◆ **What needs to be done**
Skip the pictures and return every entry exactly as written.

◆ **Task material**

-.-.-

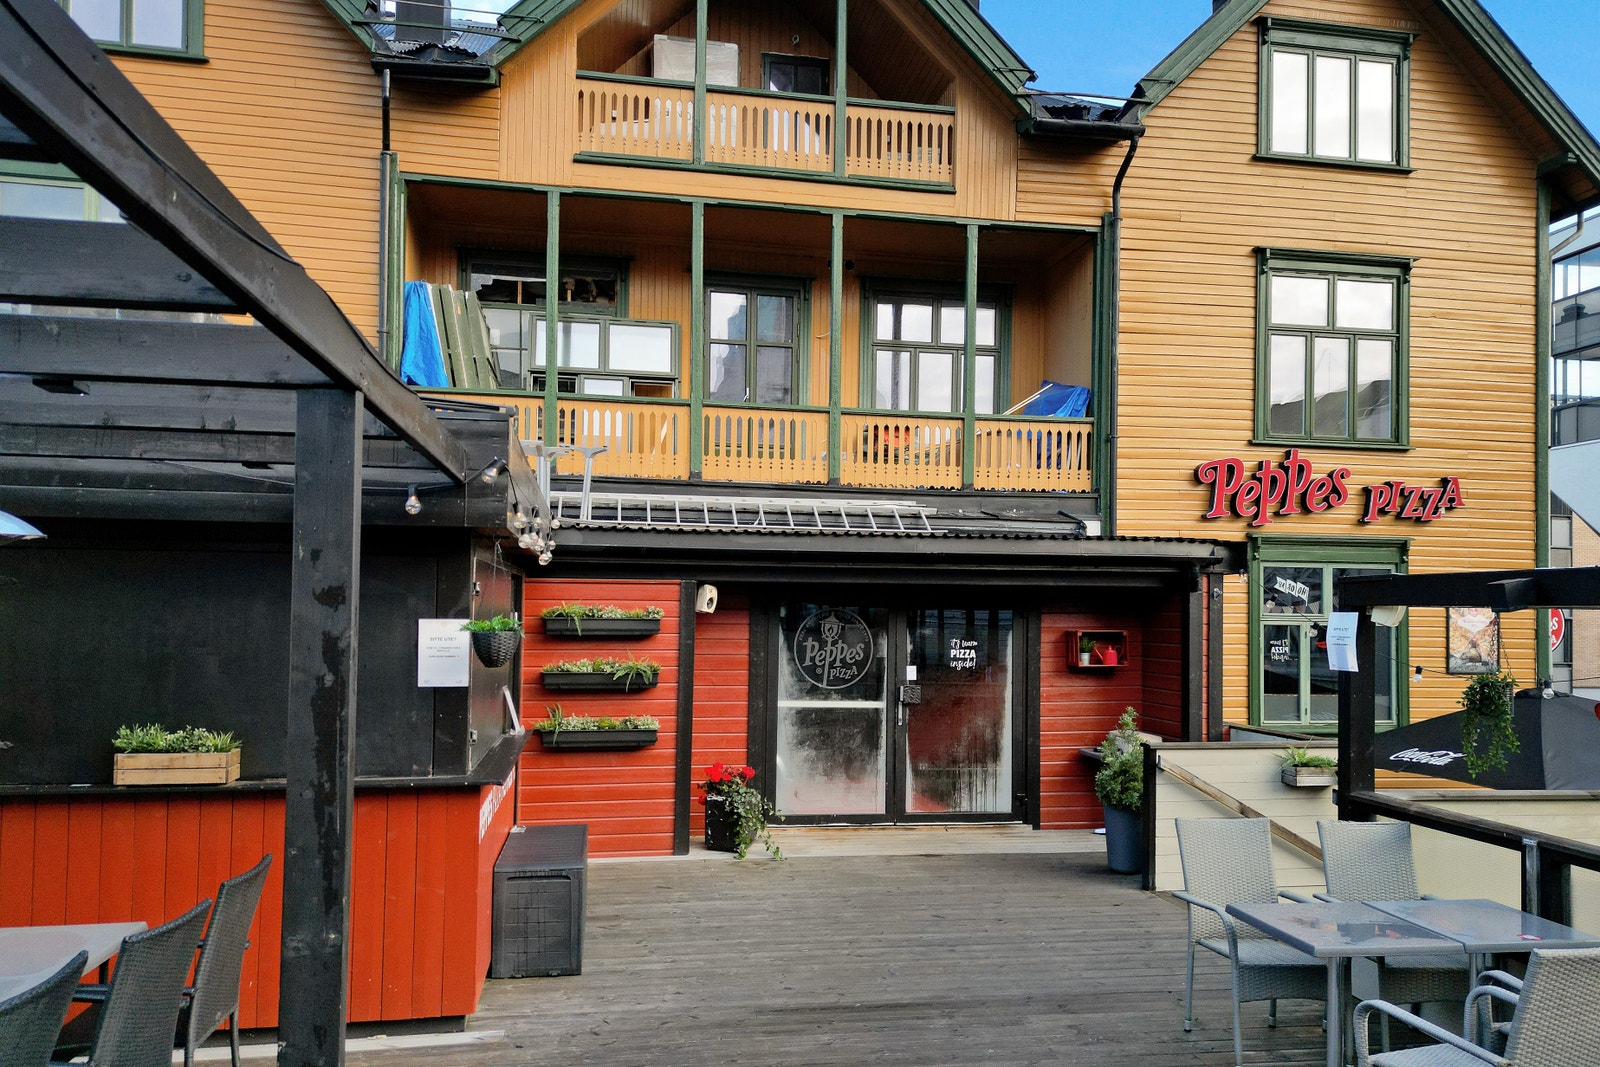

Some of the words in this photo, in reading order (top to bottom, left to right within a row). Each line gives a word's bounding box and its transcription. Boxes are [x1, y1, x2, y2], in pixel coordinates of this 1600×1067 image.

[1195, 447, 1351, 527] Peppes
[1361, 475, 1466, 523] PIZZA
[801, 636, 865, 667] Peppes
[950, 649, 976, 658] PIZZA
[950, 657, 976, 671] inside!
[829, 665, 858, 680] PIZZA
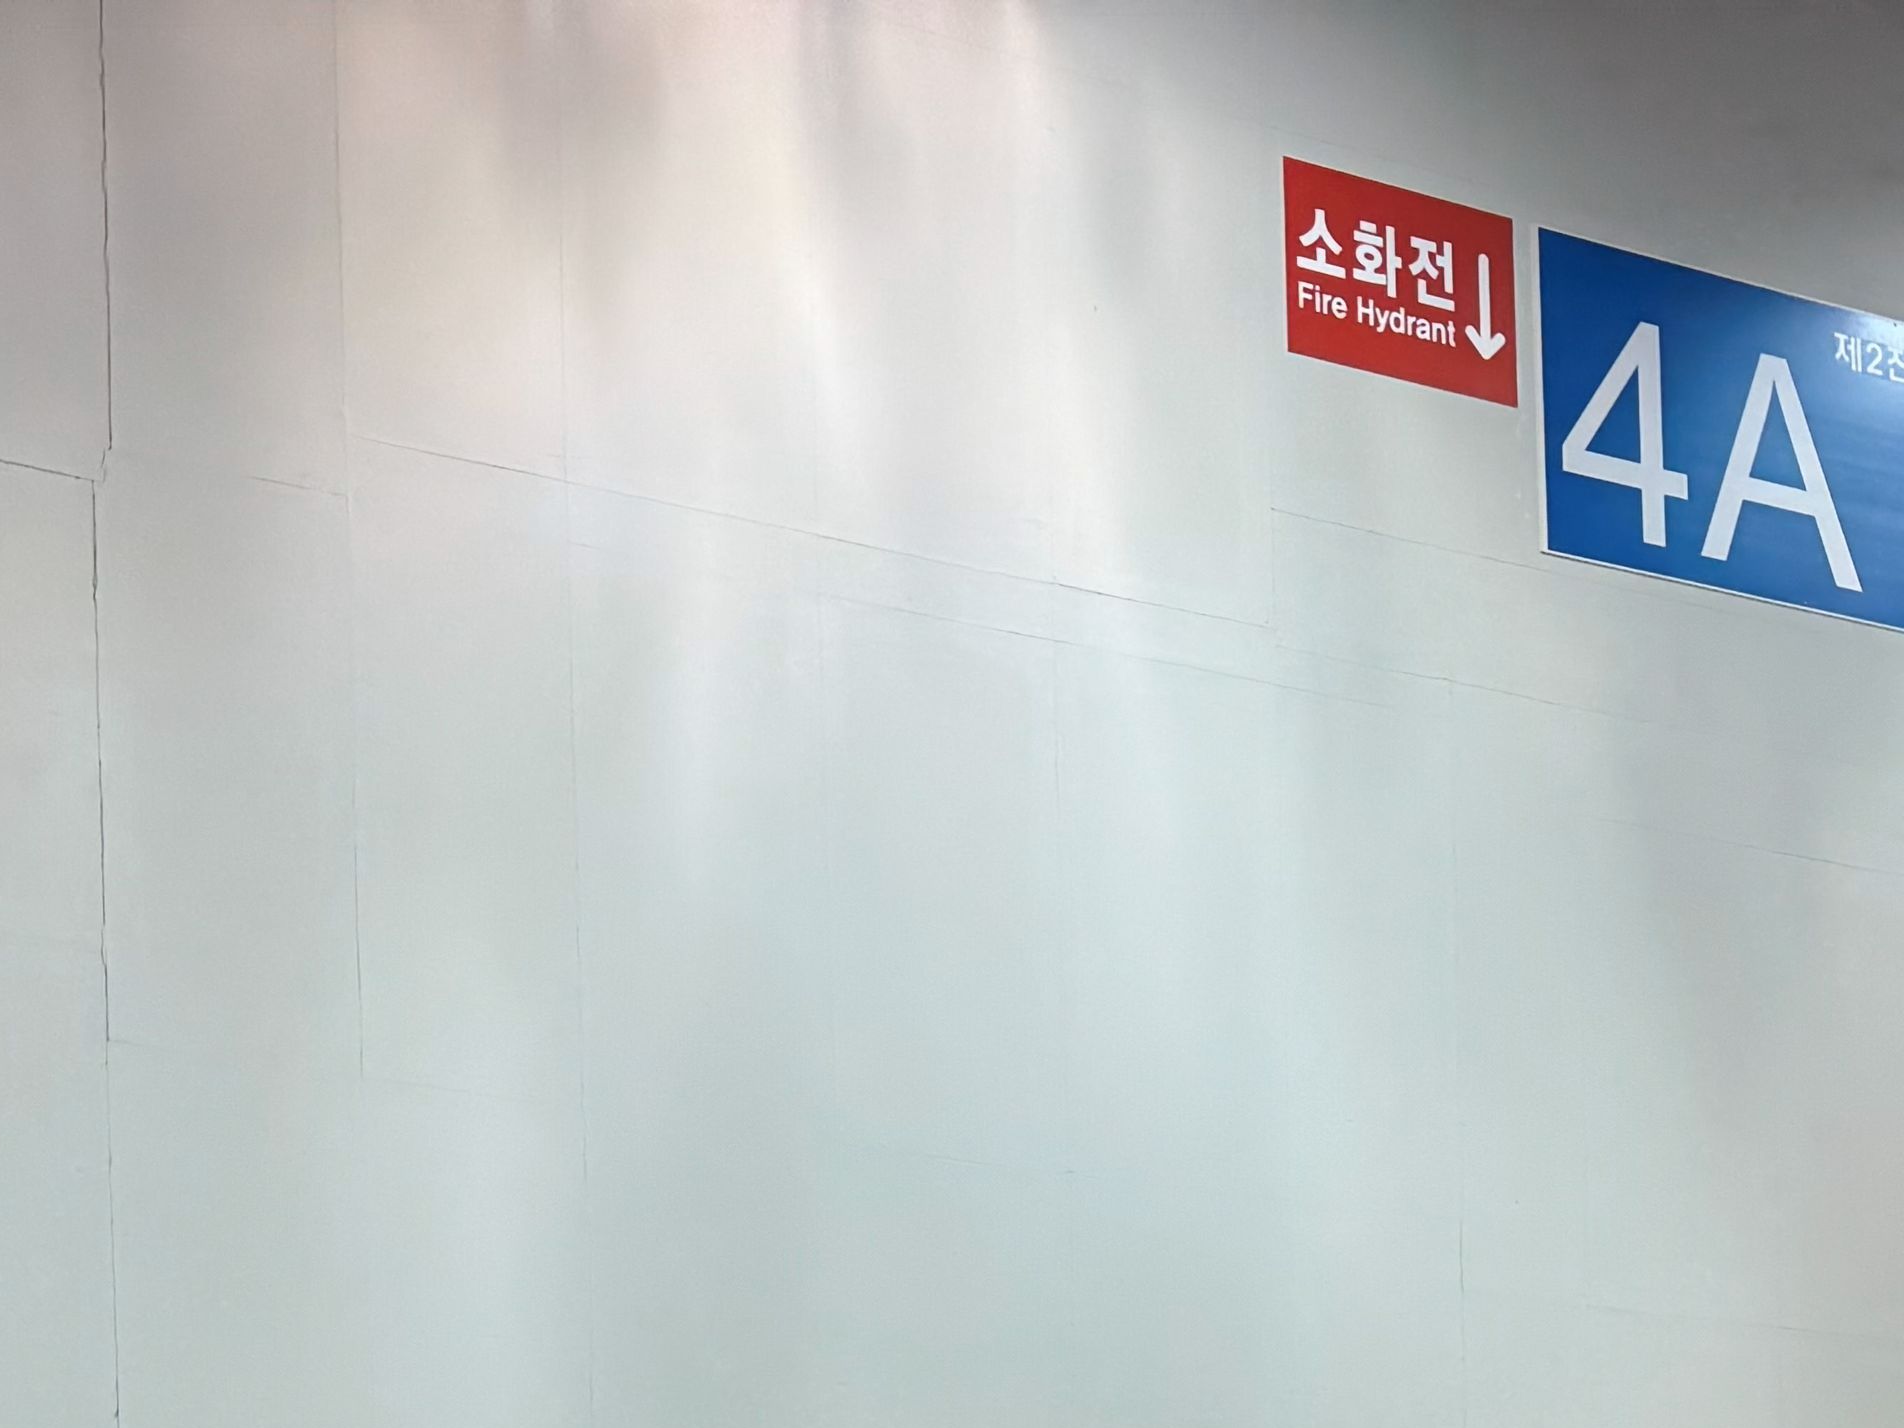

-.-.-

◆ **Answer to this task**
Some of the words in this photo, in reading order (top to bottom, left to right within a row). Each line gives a word's bounding box and its transcription. Boxes are [x1, y1, x2, y2], in pixel coordinates of this 1600×1067 image.

[1195, 447, 1351, 527] Peppes
[1361, 475, 1466, 523] PIZZA
[801, 636, 865, 667] Peppes
[950, 649, 976, 658] PIZZA
[950, 657, 976, 671] inside!
[829, 665, 858, 680] PIZZA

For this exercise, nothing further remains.